◆ **Problem details**
Word for word, set down the records and skip each picture.

◆ **Material for this task**
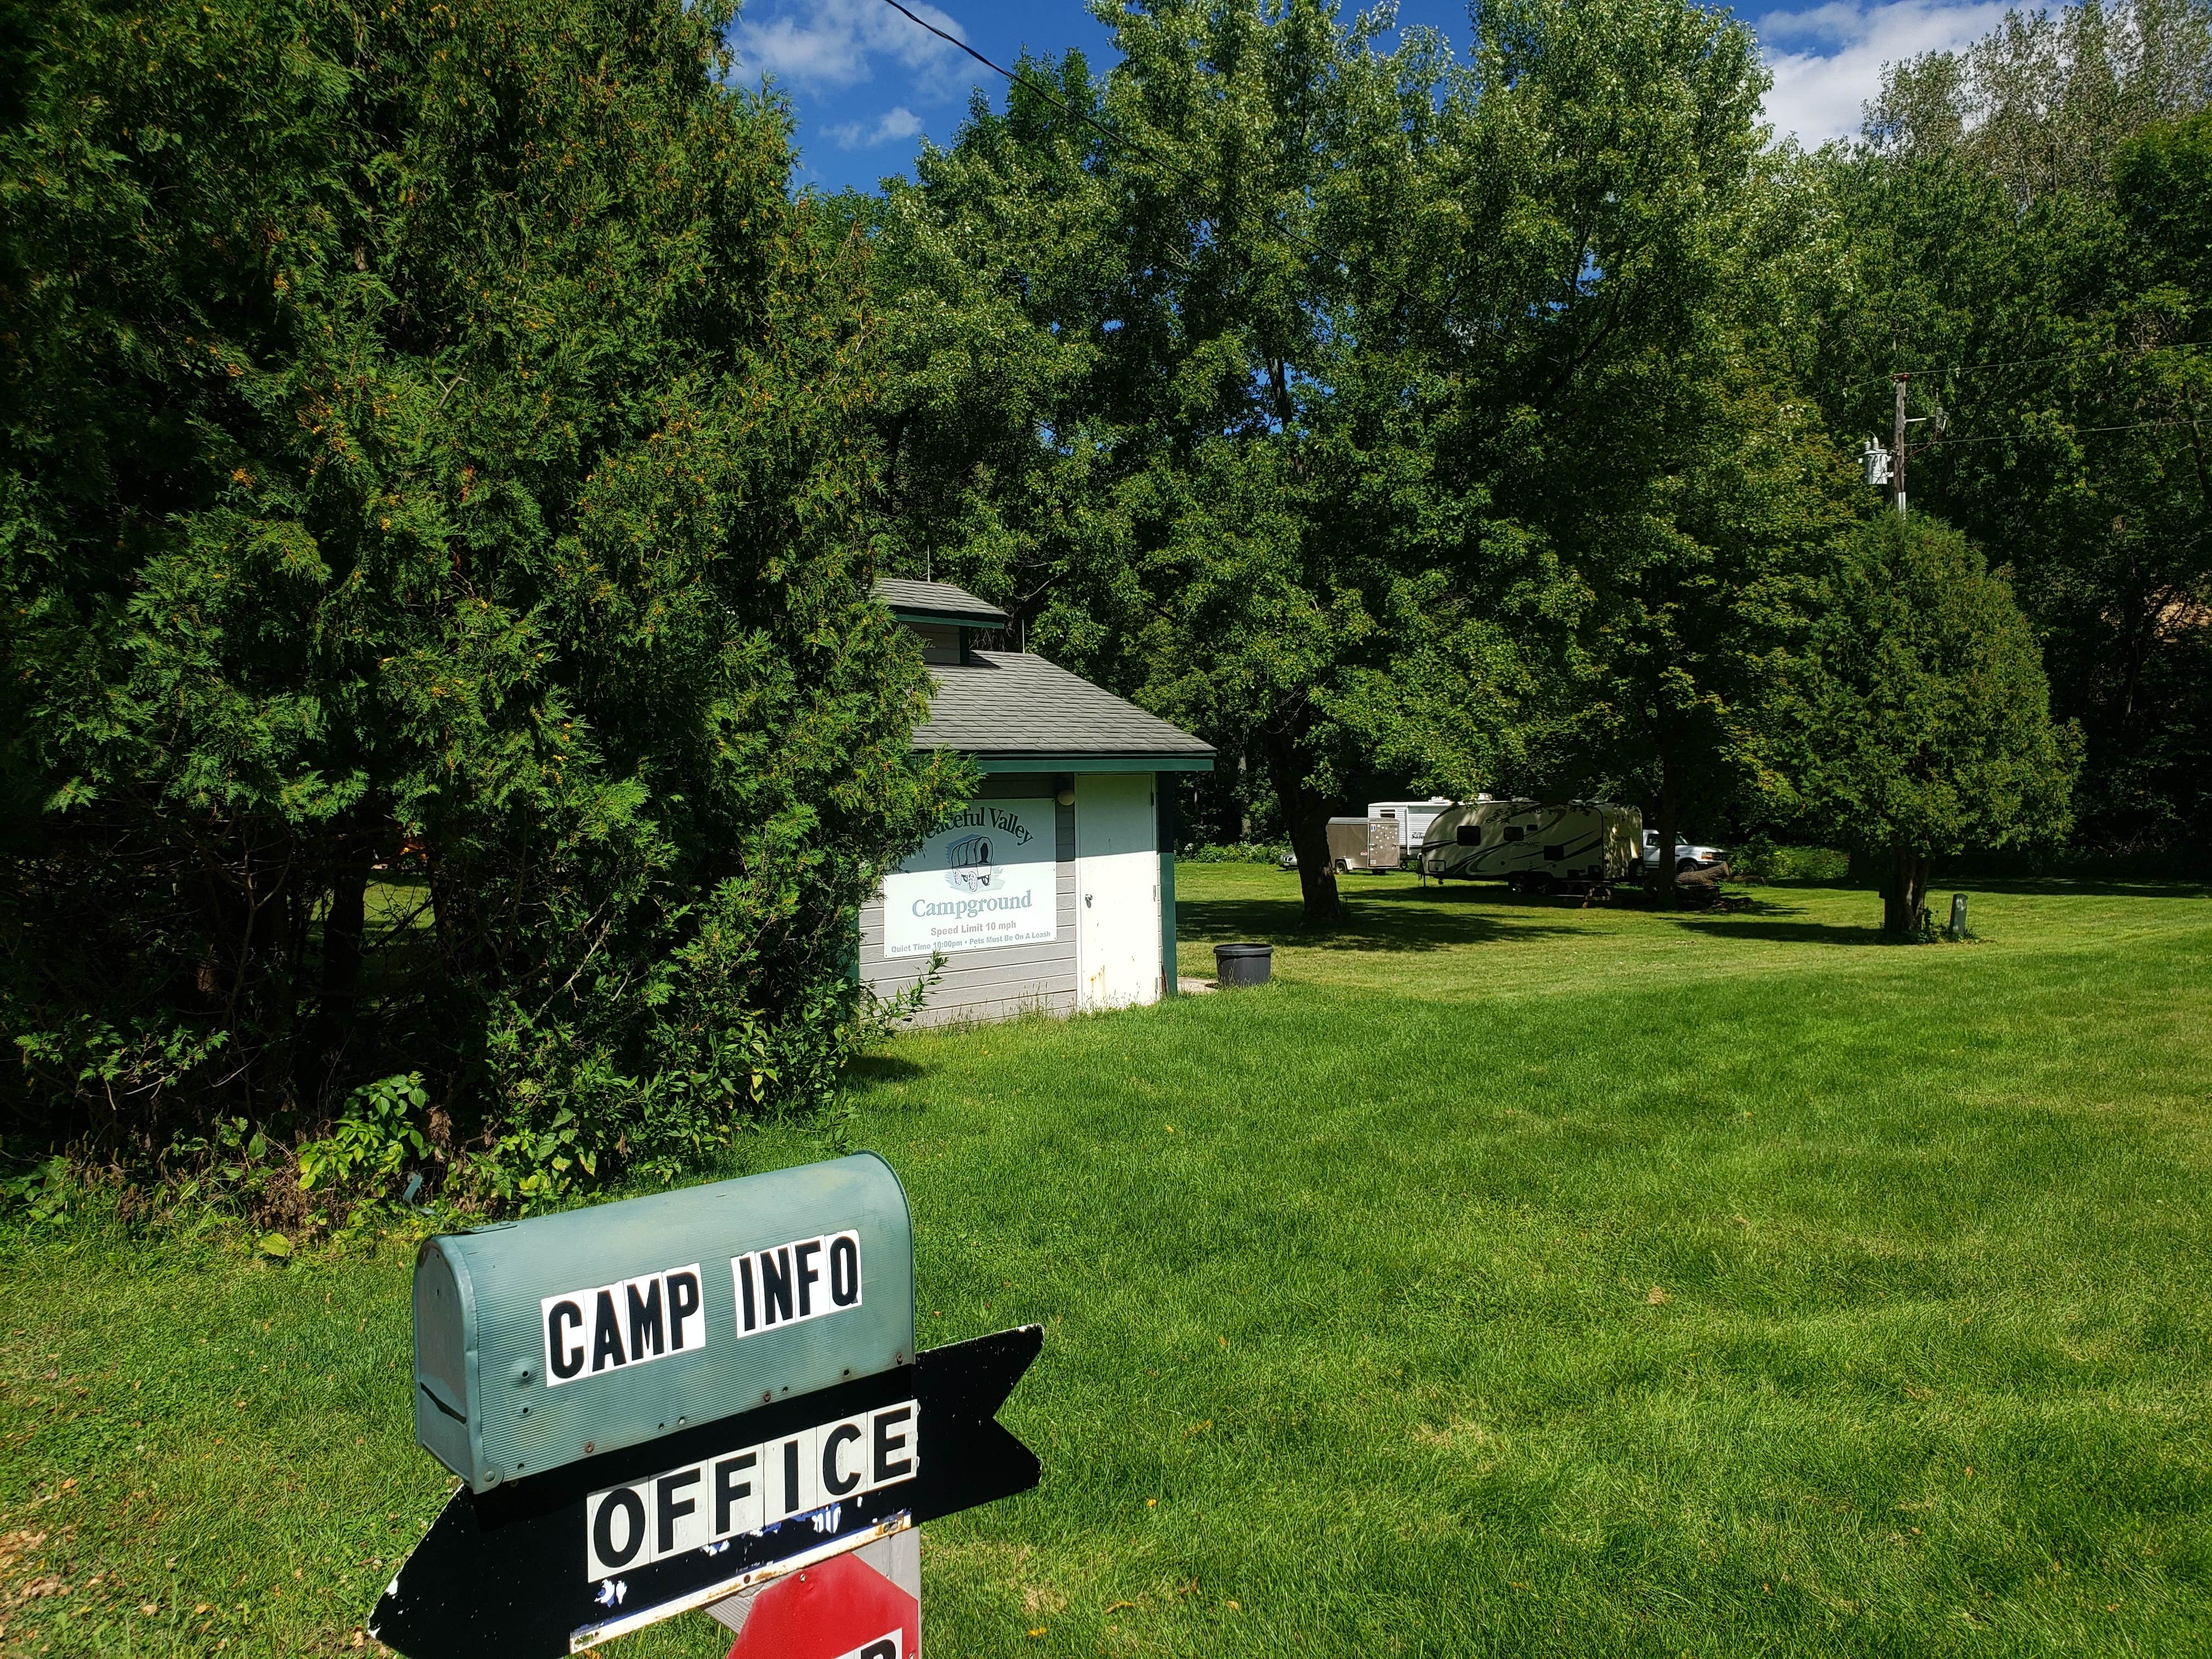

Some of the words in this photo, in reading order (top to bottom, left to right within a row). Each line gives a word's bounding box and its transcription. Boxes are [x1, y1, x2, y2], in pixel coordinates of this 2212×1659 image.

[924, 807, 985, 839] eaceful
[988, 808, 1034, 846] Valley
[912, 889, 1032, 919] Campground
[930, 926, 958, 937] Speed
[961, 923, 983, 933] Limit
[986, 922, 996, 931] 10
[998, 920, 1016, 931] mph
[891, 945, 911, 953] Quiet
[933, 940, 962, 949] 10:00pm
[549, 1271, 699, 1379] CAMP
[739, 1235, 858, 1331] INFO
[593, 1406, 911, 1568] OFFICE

◆ **Task output**
Some of the words in this photo, in reading order (top to bottom, left to right within a row). Each line gives a word's bounding box and its transcription. Boxes are [x1, y1, x2, y2], in pixel coordinates of this 2212×1659 image.

[924, 807, 985, 839] eaceful
[988, 808, 1034, 846] Valley
[912, 889, 1032, 919] Campground
[930, 926, 958, 937] Speed
[961, 923, 983, 933] Limit
[986, 922, 996, 931] 10
[998, 920, 1016, 931] mph
[891, 945, 911, 953] Quiet
[933, 940, 962, 949] 10:00pm
[549, 1271, 699, 1379] CAMP
[739, 1235, 858, 1331] INFO
[593, 1406, 911, 1568] OFFICE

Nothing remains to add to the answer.